• _Brief_: Omit the images and return the remaining entries unchanged.

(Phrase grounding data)

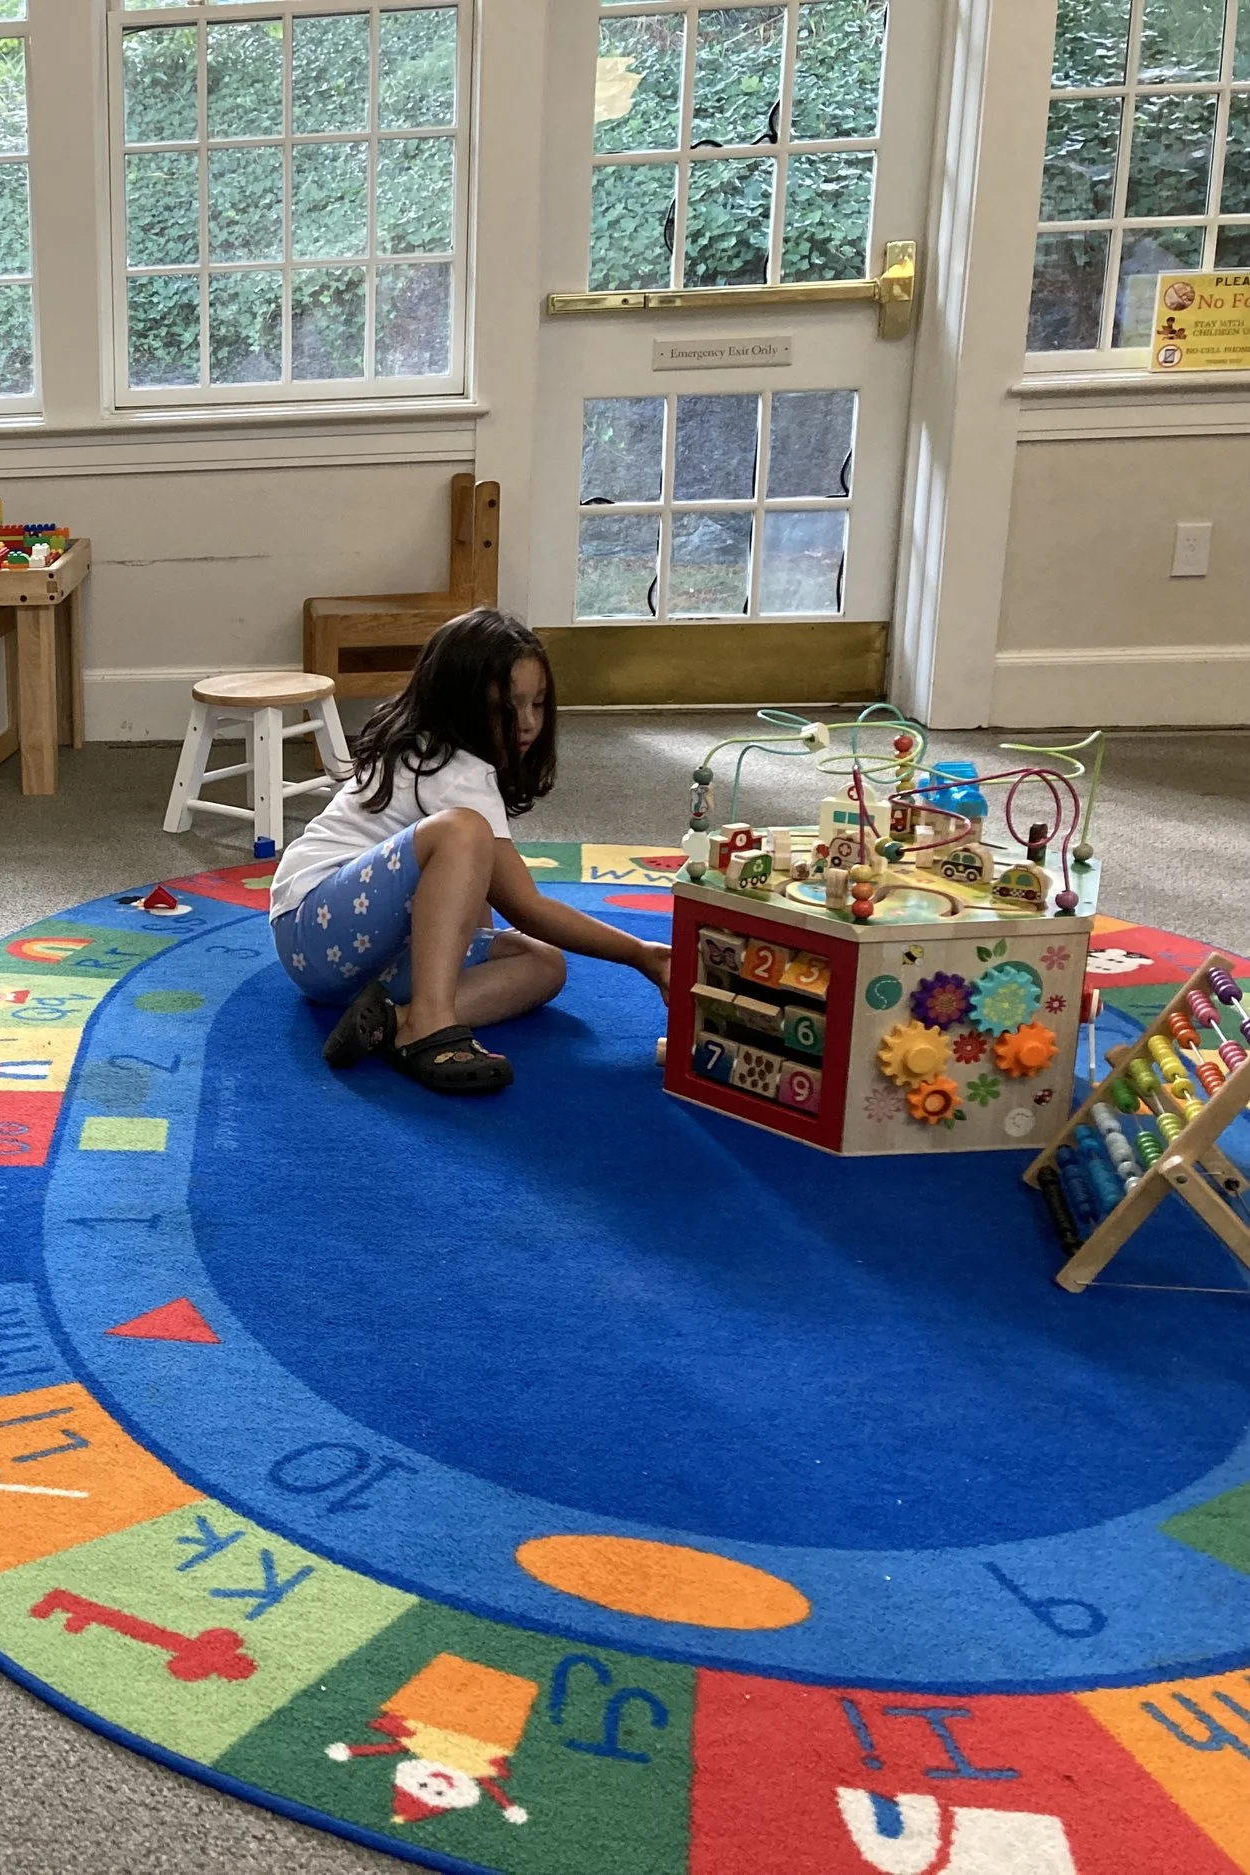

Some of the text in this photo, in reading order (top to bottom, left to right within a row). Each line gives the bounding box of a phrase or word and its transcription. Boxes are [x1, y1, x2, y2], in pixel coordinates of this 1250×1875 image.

[1197, 294, 1224, 310] No
[1192, 328, 1239, 337] CHILDREN
[1194, 319, 1245, 328] STAY WITH
[670, 344, 778, 360] Emergency Exit Only
[74, 947, 140, 970] Rr
[753, 950, 772, 978] 2
[799, 961, 819, 983] 3
[797, 1020, 815, 1046] 6
[706, 1044, 722, 1070] 7
[791, 1074, 811, 1101] 9
[270, 1441, 418, 1518] 10

• _Response area_:
Some of the text in this photo, in reading order (top to bottom, left to right within a row). Each line gives the bounding box of a phrase or word and its transcription. Boxes are [x1, y1, x2, y2], in pixel coordinates of this 1250×1875 image.

[1197, 294, 1224, 310] No
[1192, 328, 1239, 337] CHILDREN
[1194, 319, 1245, 328] STAY WITH
[670, 344, 778, 360] Emergency Exit Only
[74, 947, 140, 970] Rr
[753, 950, 772, 978] 2
[799, 961, 819, 983] 3
[797, 1020, 815, 1046] 6
[706, 1044, 722, 1070] 7
[791, 1074, 811, 1101] 9
[270, 1441, 418, 1518] 10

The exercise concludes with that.